Machine Learning Application for Rupture Risk Assessment in Small-Sized Intracranial Aneurysm

Abstract

The assessment of rupture probability is crucial to identifying at risk intracranial aneurysms (IA) in patients harboring multiple aneurysms. We aimed to develop a computer-assisted detection system for small-sized aneurysm ruptures using a convolutional neural network (CNN) based on images of three-dimensional digital subtraction angiography. A retrospective data set, including 368 patients, was used as a training cohort for the CNN using the TensorFlow platform. Aneurysm images in six directions were obtained from each patient and the region-of-interest in each image was extracted. The resulting CNN was prospectively tested in 272 patients and the sensitivity, specificity, overall accuracy, and receiver operating characteristics (ROC) were compared to a human evaluator.

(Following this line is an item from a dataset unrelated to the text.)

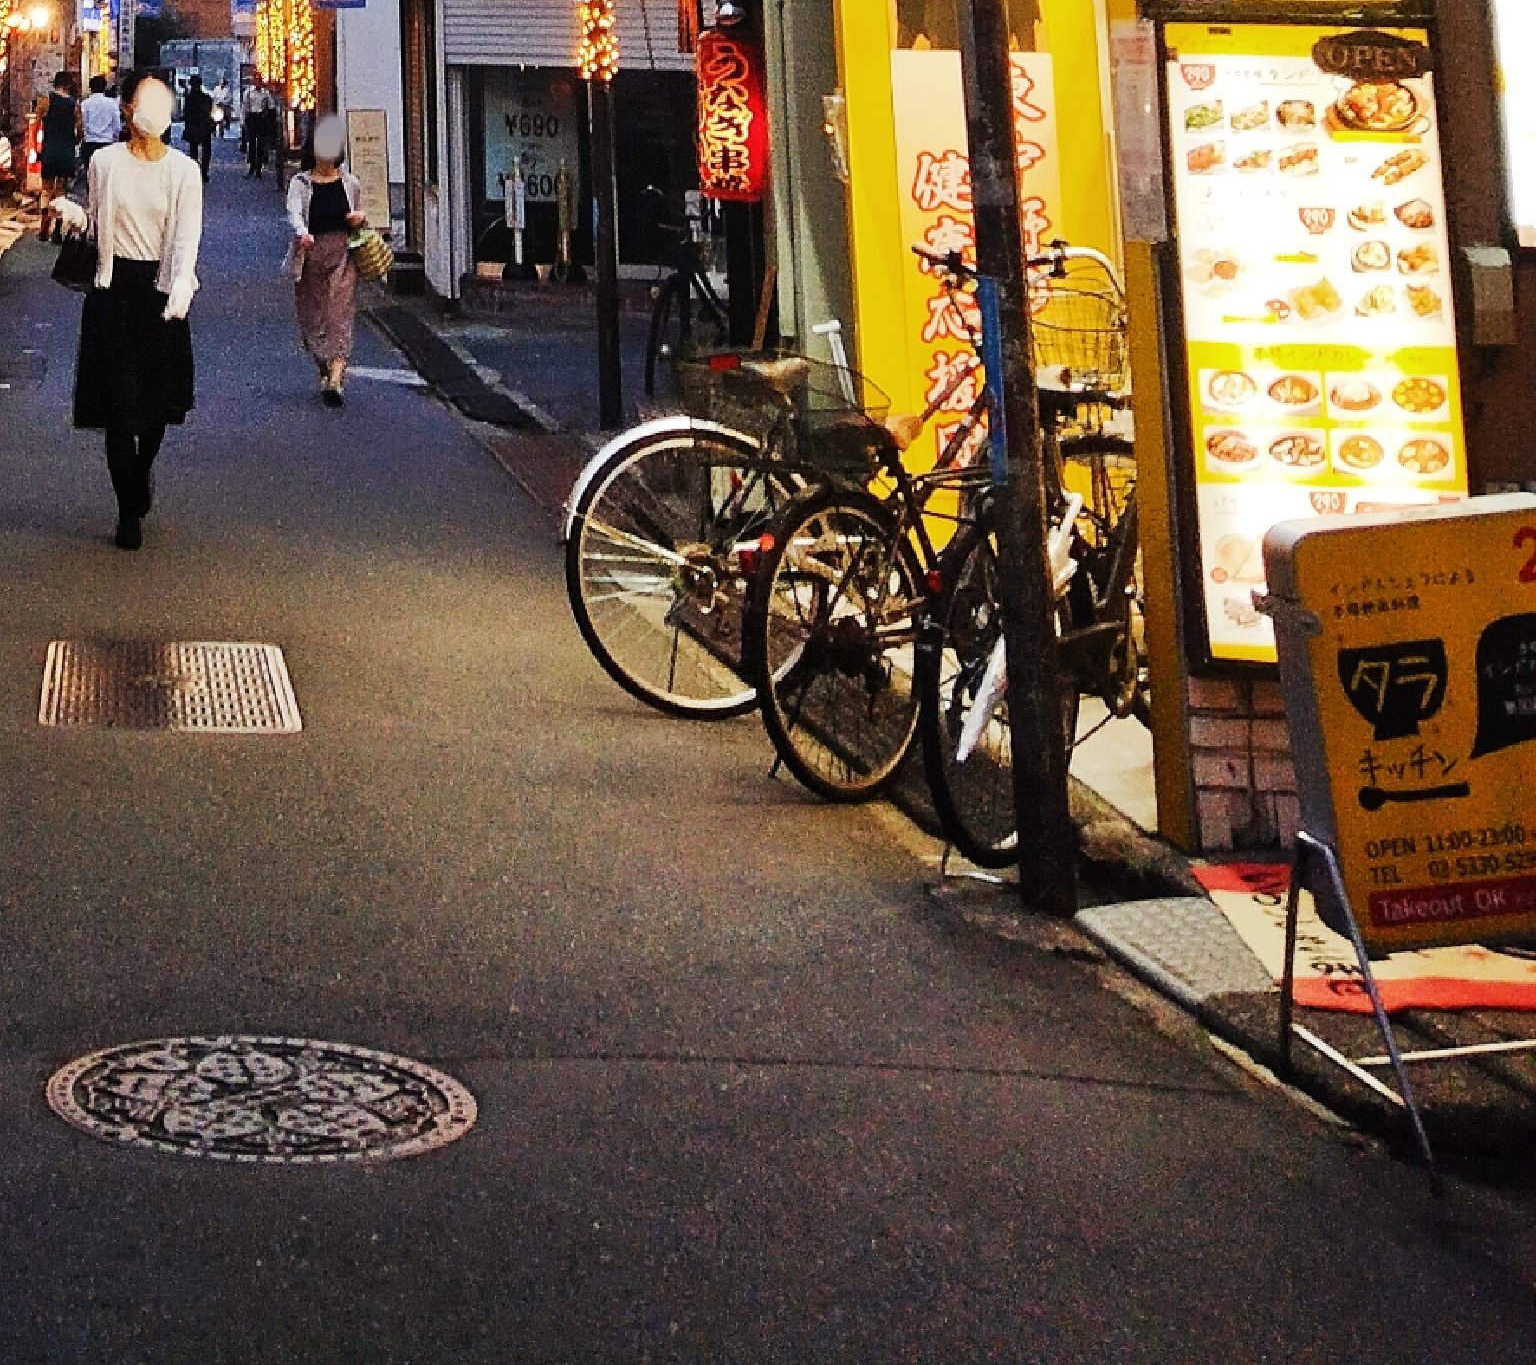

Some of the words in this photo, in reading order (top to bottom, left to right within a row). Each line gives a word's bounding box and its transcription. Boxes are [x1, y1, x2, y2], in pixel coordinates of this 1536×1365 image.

Our system showed a sensitivity of 78.76% (95% CI: 72.30%–84.30%), a specificity of 72.15% (95% CI: 60.93%–81.65%), and an overall diagnostic accuracy of 76.84% (95% CI: 71.36%–81.72%) in aneurysm rupture predictions. The area under the ROC (AUROC) in the CNN was 0.755 (95% CI: 0.699%–0.805%), better than that obtained from a human evaluator (AUROC: 0.537; p < 0.001). The CNN-based prediction system was feasible to assess rupture risk in small-sized aneurysms with diagnostic accuracy superior to human evaluators. Additional studies based on a large data set are necessary to enhance diagnostic accuracy and to facilitate clinical application.